The Ma'aleh School of Television, Film and the Arts (in Hebrew: מעלה - בית הספר לקולנוע ולטלוויזיה), situated in a preserved stone building in the neighborhood of Musrara, Jerusalem, was founded in 1989 by Ma'aleh Association, with the aim of addressing the desire on the parts of national-religious Jews to learn media and film-related subjects.

Ma'aleh is an institution of higher education that trains filmmakers to produce work inspired by their Jewish heritage, fostering a unique connection between the world of media and Jewish culture.
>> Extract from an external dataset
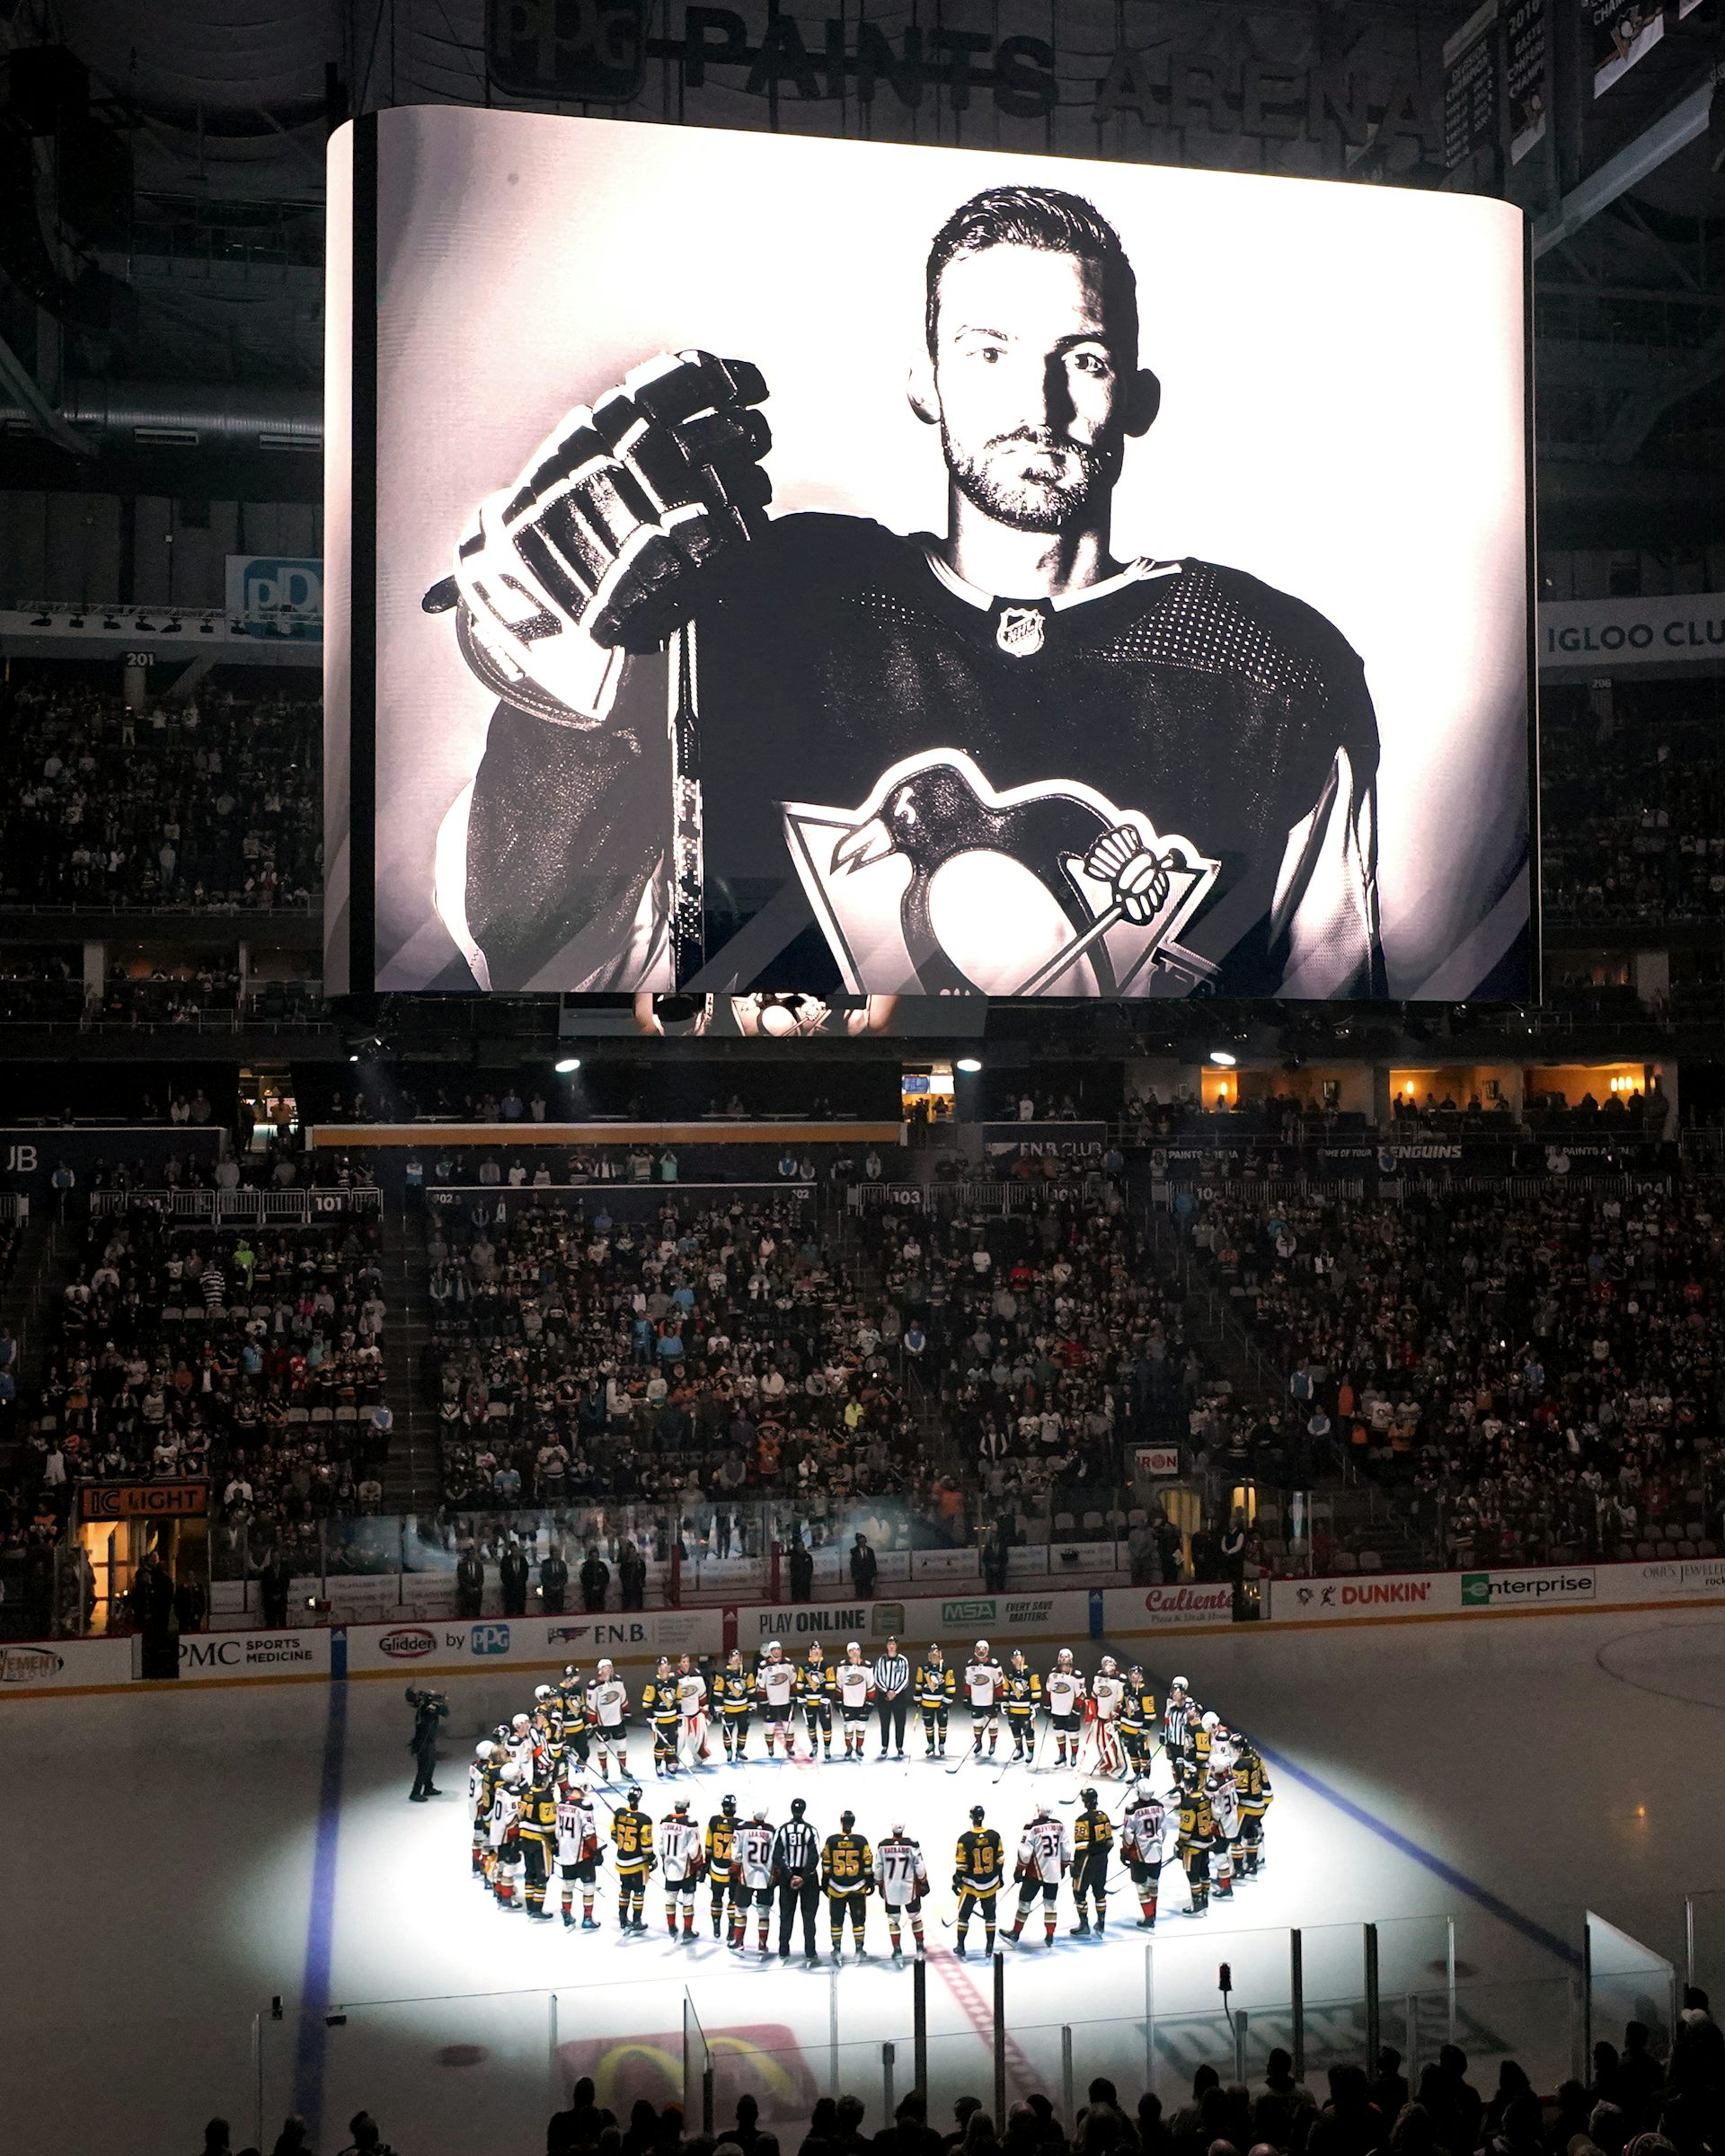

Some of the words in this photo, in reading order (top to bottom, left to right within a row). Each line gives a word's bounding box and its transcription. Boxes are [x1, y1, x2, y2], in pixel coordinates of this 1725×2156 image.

Maaleh is the only film school in Israel to ever win a BAFTA award. Since its establishment, hundreds of documentaries and short films have been produced, mostly addressing current events in the lives of Jews in Israel and Israeli settlements, and at times touching controversial topics as well, which have often sparked quarrels and disputes, for example following the production of the Haim Elbaum's feature film And Thou Shalt Love, which deals with the controversy of religious homosexuals in Israel.

Maaleh graduates have created some of Israel's most popular television programs: Shtisel, Srugim, Shababnikim, etc.

Groups visiting from North America, Europe, and Australia participate in Ma'aleh's film workshops. The school also boasts a number of social welfare programs that contribute to the welfare of the wider community.

For several years, Ma'aleh has run "Torah and Creation", directed by Rabbi Mordechai Vardi, wherein rabbis who view the graduates' films discuss the values and principles that the films raise.

Ma'aleh offers two main curricula: the Production and Directing curriculum and the Screenwriting curriculum. There is also a unique Track for Ultra-Orthodox Women.

Maaleh also uses film to enrich the lives of some of Israel's most marginalized populations, creating a first-of-its-kind VideoTherapy Program for at-risk youth, Ethiopian immigrants, terror victims and adults with special needs.

During the celebration of 18 years since its establishment, in 2007, a DVD album containing 18 of the best films created by Ma'aleh graduates was issued, and the best movie of all time, decided by film critics, was "Cohen's Wife" by Nava Hefets.

==Selected films==

- Shabbos Mother
- Cohen's Wife
- Eicha
- Newspapers & Flowers
- Doda Dia
- Mousseiyoff 9
- Halel
- 782 Until Further Notice
- Singing through our Tears
- Tofu
- Evacuation Order
- The Orthodox Way
- Elyokim
- A-maiseh
- Saving Private Finklestein
- Another Day
- A Woman Laughed
- Addes
- Prisoner
- Girl No. 60427 (2022)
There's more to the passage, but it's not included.